Et la figure de Kersaudy exprime tout à coup un mépris considérable.

« Me remplacer par un « sacot » ou un « pied-noir »....

«Moi, manœuvrier? Ah! j'aimerais mieux crever à mon poste!

« Et puis, de toute façon, il y a la grande marée... et je veux être là quand elle viendra, d'ici une quinzaine.... Après... je dis pas non... s'il y a pas trop de casse... je verrai à voir... je demanderai pas mieux que d'aller embrasser les vieux, à Portzpoder d'où je suis natif.... »

 

Trois aventures de marins, qui sont revenues à mon esprit, ce soir, alors qu'au son atténué des bamboulas tardives, j'éprouve l'envoûtement des souvenirs de « là-bas »....

Marins à pompon rouge! Marins à col bleu! Qui saura jamais tout ce que vous avez été, pendant la Grande Guerre?
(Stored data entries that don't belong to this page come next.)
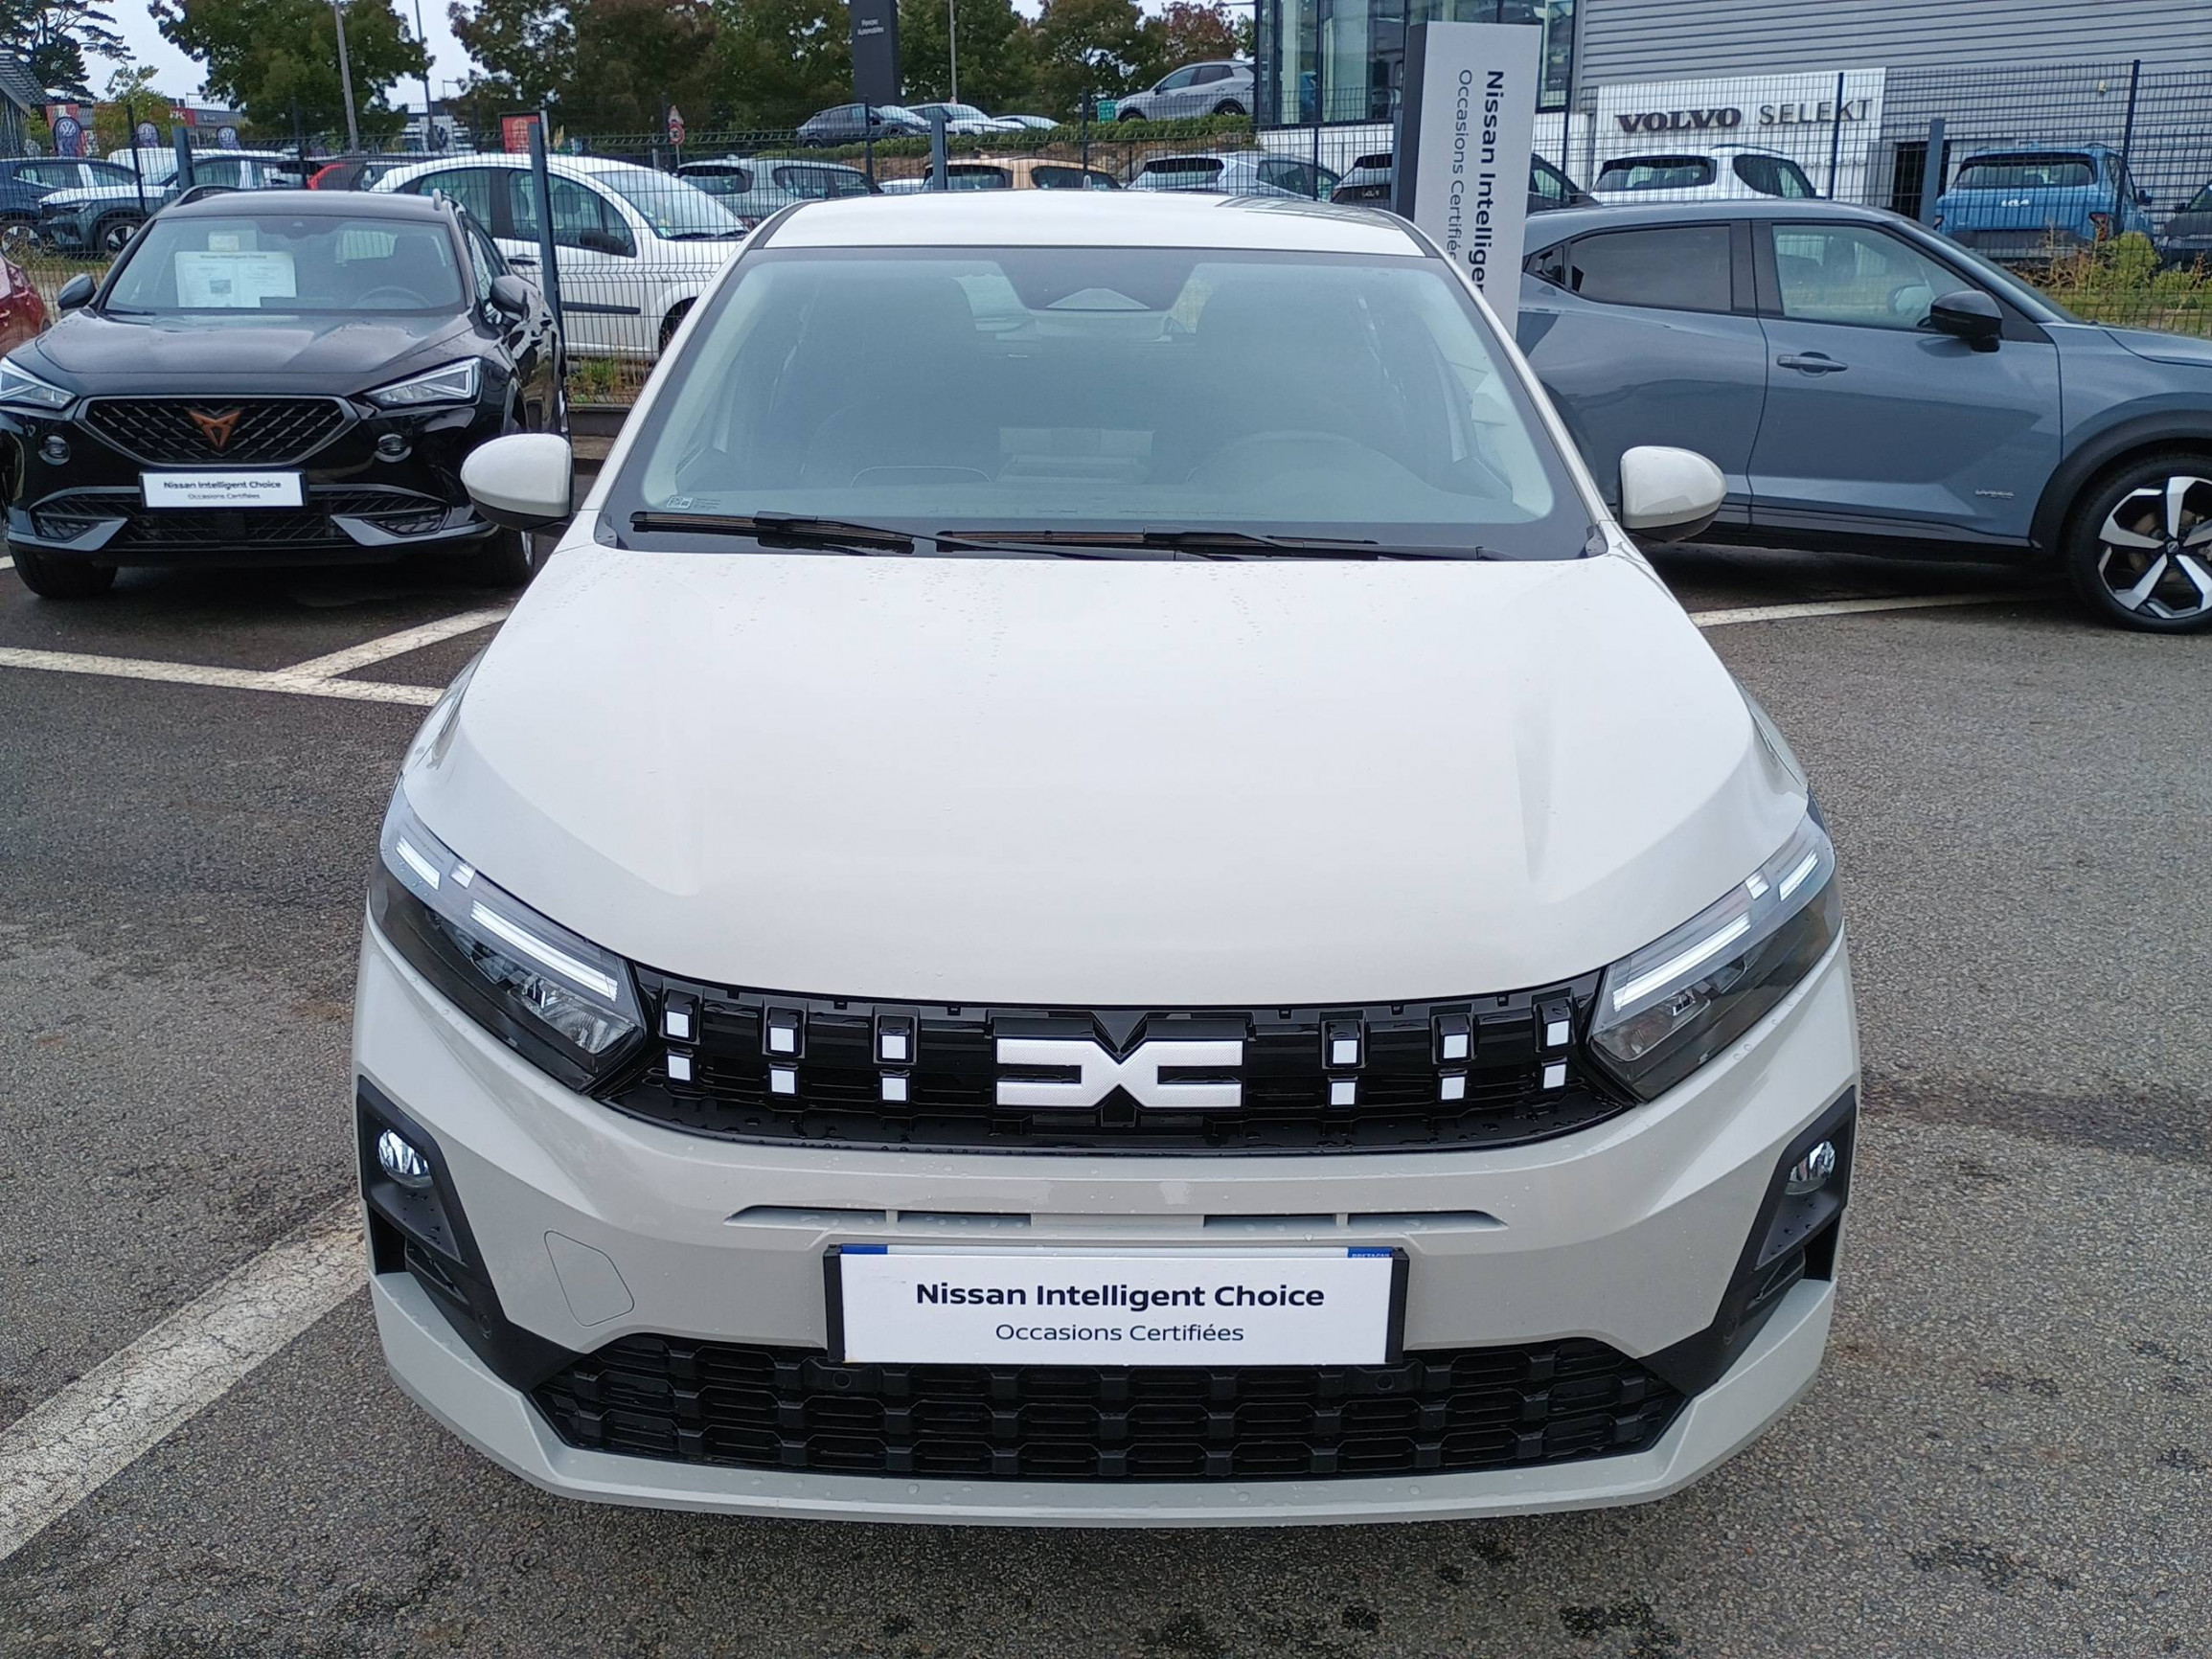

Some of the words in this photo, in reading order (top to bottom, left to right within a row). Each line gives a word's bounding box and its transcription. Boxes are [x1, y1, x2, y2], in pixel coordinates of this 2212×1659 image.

[1452, 69, 1472, 174] Occasions
[1480, 71, 1504, 164] Nissan
[1615, 107, 1742, 133] VOLVO
[1759, 99, 1873, 125] SELEKT
[164, 481, 196, 489] Nissan
[198, 481, 247, 490] Intelligent
[249, 480, 282, 489] Choice
[916, 1282, 1027, 1306] Nissan
[1037, 1284, 1206, 1313] Intelligent
[1214, 1284, 1326, 1307] Choice
[995, 1324, 1123, 1341] Occasions
[1129, 1323, 1245, 1341] Certifiées
L'épopée de la brigade de Dixmude, c'est la page choisie de votre Livre d'or; sur mer, vous êtes, et simplement, des héros patients, presque méconnus, car trop souvent vos prouesses se terminent au fond de l'océan béant, puis refermé sur votre gloire engloutie; un jour, sans doute, saura-t-on ce que vous avez fait, canonniers- marins, défenseurs de nos forteresses les plus menacées, ou disséminés d'un bout à l'autre du front; mais il y a quelque chose qu'on ne saura jamais bien et ce sont les services discrets que tant de matelots ont encore rendus, avec leurs autos- projecteurs, leurs postes automobiles de télégraphie sans fil, par exemple; et les guetteurs sémaphoriques, les observateurs en aérostats, canonniers, mitrailleurs ou pilotes d'aéroplanes ou de dirigeables; les équipages de canonnières fluviales et que sais-je encore?

Et les « détachés », les errants... les perdus livrés à eux-mêmes, les bons forbans, comme ceux de l'Yser... les pontonniers comme Kersaudy?

Honneur! Ah! oui! honneur à tous ceux-là, dont on ne parlera jamais!